Of all patients, 650 (94.9%) were above the age of 50, which constitutes the majority of patients in both groups, 431 (95.14%) and 219 (94.39%), respectively (p=0.675).
This is the first study, to the best of our knowledge, in Saudi Arabia to report the effect of the use of antibiotic lavage in TKR to prevent postoperative infection. Our study found that the infection rate was 1.89% in all patients (those with and without antibiotics) and showed a non-significant decrease in the incidence of SSI post-TKR (P=0.078). A similar study done by Conroy et al. showed no benefit from the use of antibiotic solutions over normal saline . On the other hand, after the administration of diluted betadine lavage, the rate of infection was reduced from 0.97% to 0.15%, with a significant difference in the rate of infection (p = 0.04). Diluted betadine 10% solutions were found to decrease postoperative infectious complications in orthopedic procedures, including postoperative infections in TKR, in other studies and in other types of surgeries, with minimal side effects [26-28]. Betadine use was found to be a safe and inexpensive choice that is present in almost all operating rooms  and can be cost-effective in preventing infections in TKR .
Other studies have achieved a drop in the rate of infection by using a high concentration of antibiotics at the time of implant insertion, even with prolonged operation times or in revision procedures [21,29]. A meta-analysis that included 15 studies in different surgical specialties showed that the use of prophylactic antibiotic lavage was found to be effective over the use of saline, water, or no irrigation in 10 studies, while the other five showed no difference .

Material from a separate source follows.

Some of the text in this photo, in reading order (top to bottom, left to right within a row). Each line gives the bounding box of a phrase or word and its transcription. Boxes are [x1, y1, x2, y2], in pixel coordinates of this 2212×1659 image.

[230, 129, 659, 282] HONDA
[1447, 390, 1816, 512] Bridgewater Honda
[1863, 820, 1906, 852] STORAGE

According to our findings, there was no association between the comorbidities or patient-related factors and the increase in infection rate except for DM, which was controlled by multivariate analysis. This is similar to a study conducted on diabetic patients, which found that if the blood sugar was uncontrolled, it doubled the infection rate in patients after total joint arthroplasty .
Limitations of the study
There are a couple of weaknesses in our study. First, this is a retrospective cohort study, which is subjected to inconsistency when it comes to the process of data collection. However, the prospective nature of our data collection may have played a role in reducing recall and selection bias. Second, the small sample size of our study, which included only 685 patients.

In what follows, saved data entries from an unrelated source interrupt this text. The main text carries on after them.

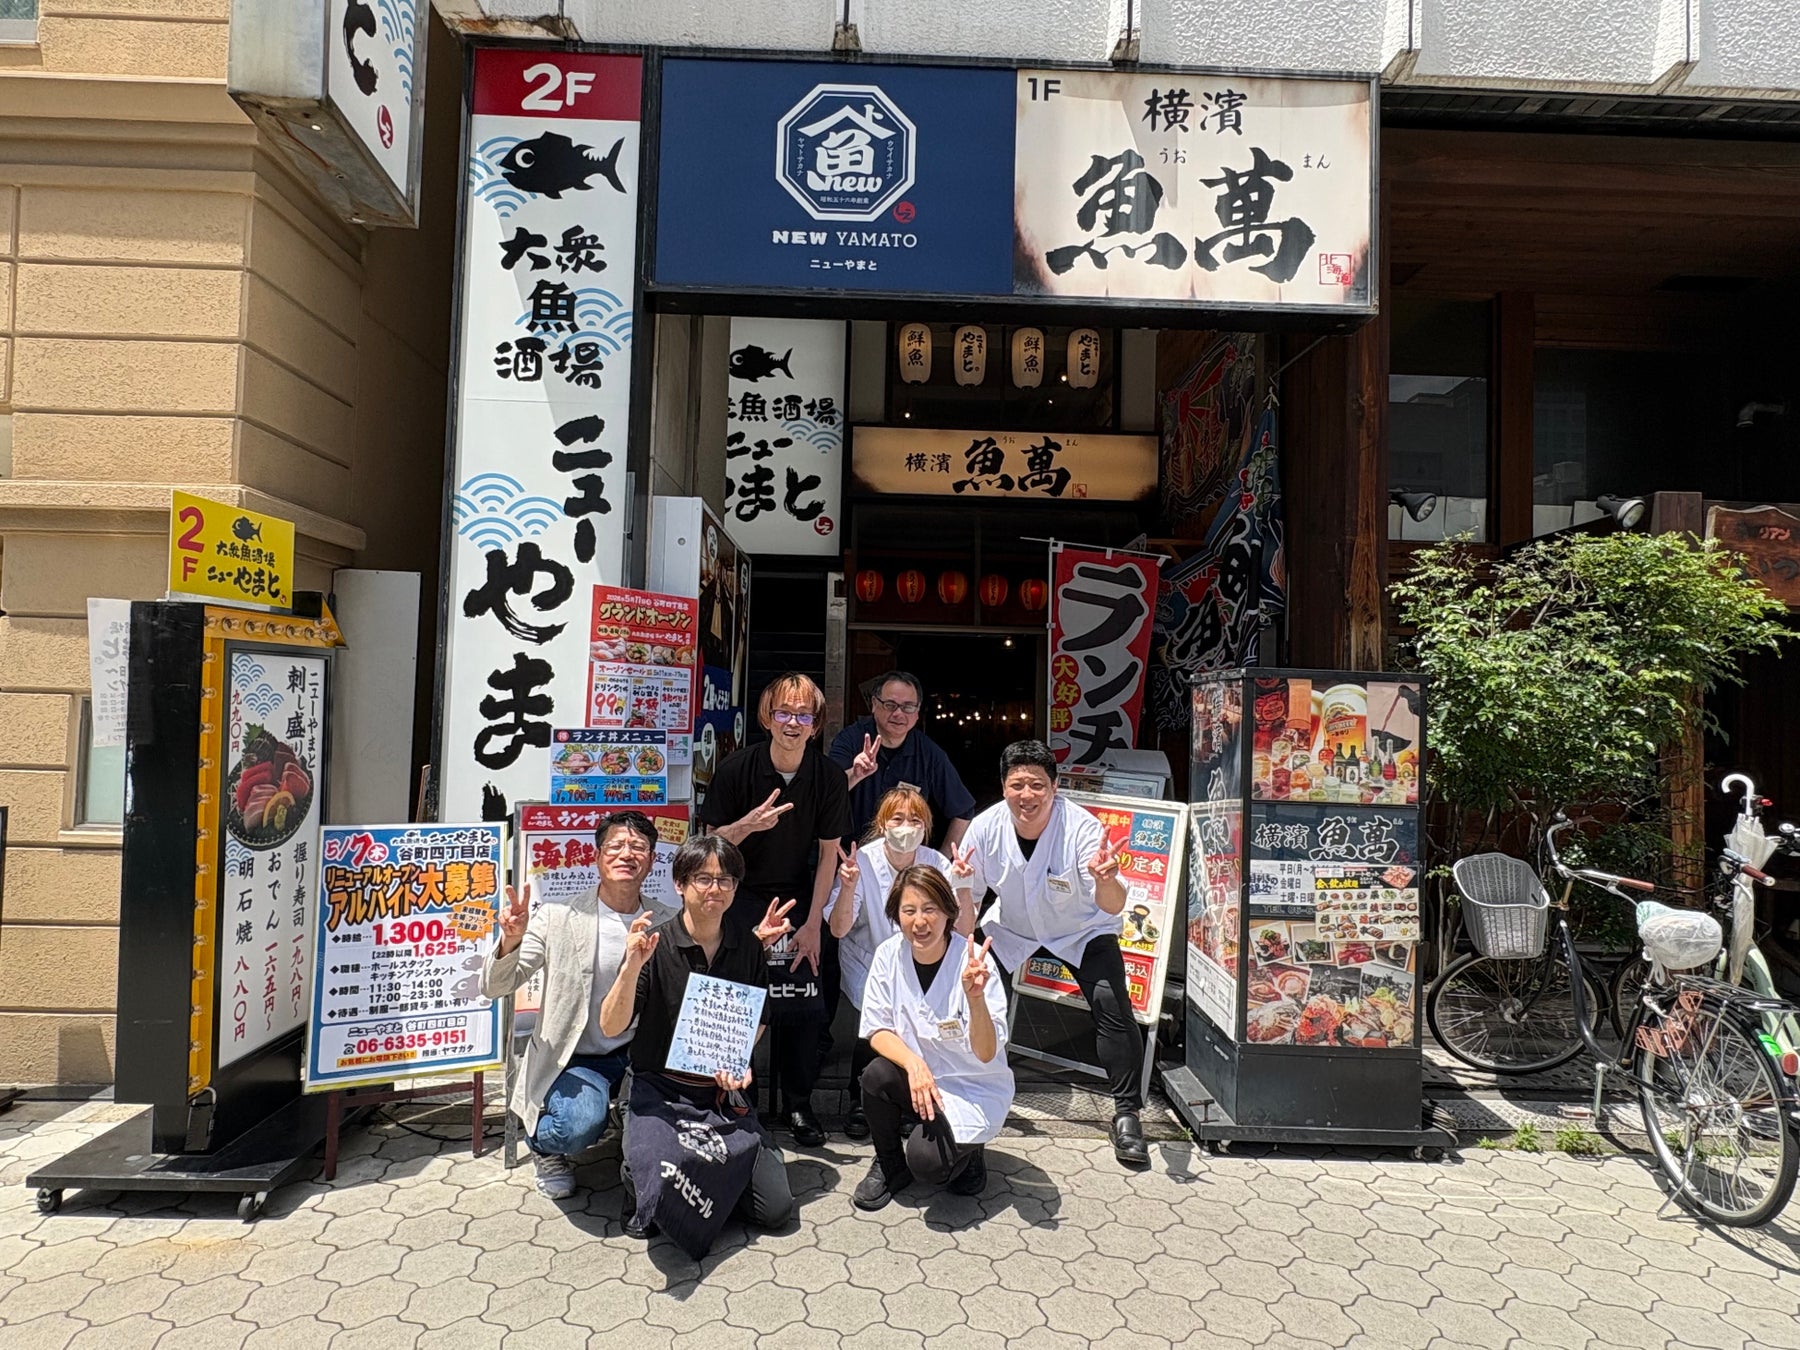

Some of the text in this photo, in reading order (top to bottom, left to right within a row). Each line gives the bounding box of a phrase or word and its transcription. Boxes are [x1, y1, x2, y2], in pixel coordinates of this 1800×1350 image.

[521, 63, 596, 111] 2F
[1028, 78, 1061, 101] 1F
[1142, 88, 1248, 135] 横濱
[1160, 148, 1187, 164] うお
[1302, 154, 1331, 169] まん
[1045, 147, 1317, 284] 魚萬
[499, 225, 607, 274] 大衆
[772, 230, 918, 248] NEW YAMATO
[810, 259, 878, 271] ニューやまと
[526, 279, 580, 333] 魚
[494, 336, 604, 389] 酒場
[907, 330, 926, 367] 鮮魚
[960, 332, 976, 373] やまと
[1023, 336, 1041, 373] 鮮魚
[904, 452, 951, 474] 横濱
[952, 436, 1071, 497] 魚萬
[552, 415, 613, 563] ニュー
[207, 566, 280, 599] ニューやまと
[599, 602, 692, 629] グランドオープン
[463, 543, 575, 820] やま
[1060, 566, 1146, 765] ランチ
[285, 665, 307, 757] 刺し盛り
[1051, 658, 1076, 729] 大好評
[307, 672, 319, 769] ニューやまと
[572, 731, 665, 742] ランチ丼メニュー
[325, 832, 372, 866] 5/7
[399, 845, 490, 861] 谷町四丁目店
[429, 830, 491, 845] ニューやまと
[1255, 823, 1310, 850] 横濱
[1309, 815, 1400, 864] 魚萬
[266, 852, 282, 930] おでん
[293, 842, 308, 928] 握り寿司
[325, 864, 420, 890] リニューアルオープン
[235, 857, 255, 945] 明石焼
[372, 920, 457, 946] 1,300円
[370, 967, 457, 981] キッチンアシスタント
[371, 959, 433, 971] ホールスタッフ
[348, 1023, 403, 1037] ニューやまと
[356, 1029, 466, 1054] 06-6335-9151
[660, 1160, 714, 1219] アサヒビール

Using intraoperative vancomycin lavage was associated with a decreased incidence of SSI post-TKR, but there was no statistically significant difference. The multivariate analysis, after adjusting other variables in the model, showed that only DM was independently related to the outcome. For the establishment of a gold standard in intraoperative prophylactic antibiotic lavage, we recommend that a prospective randomized control trial aiming to prevent postoperative infections be conducted. That would eliminate all questions and show the difference in costs and antibiotic use’s adverse effects.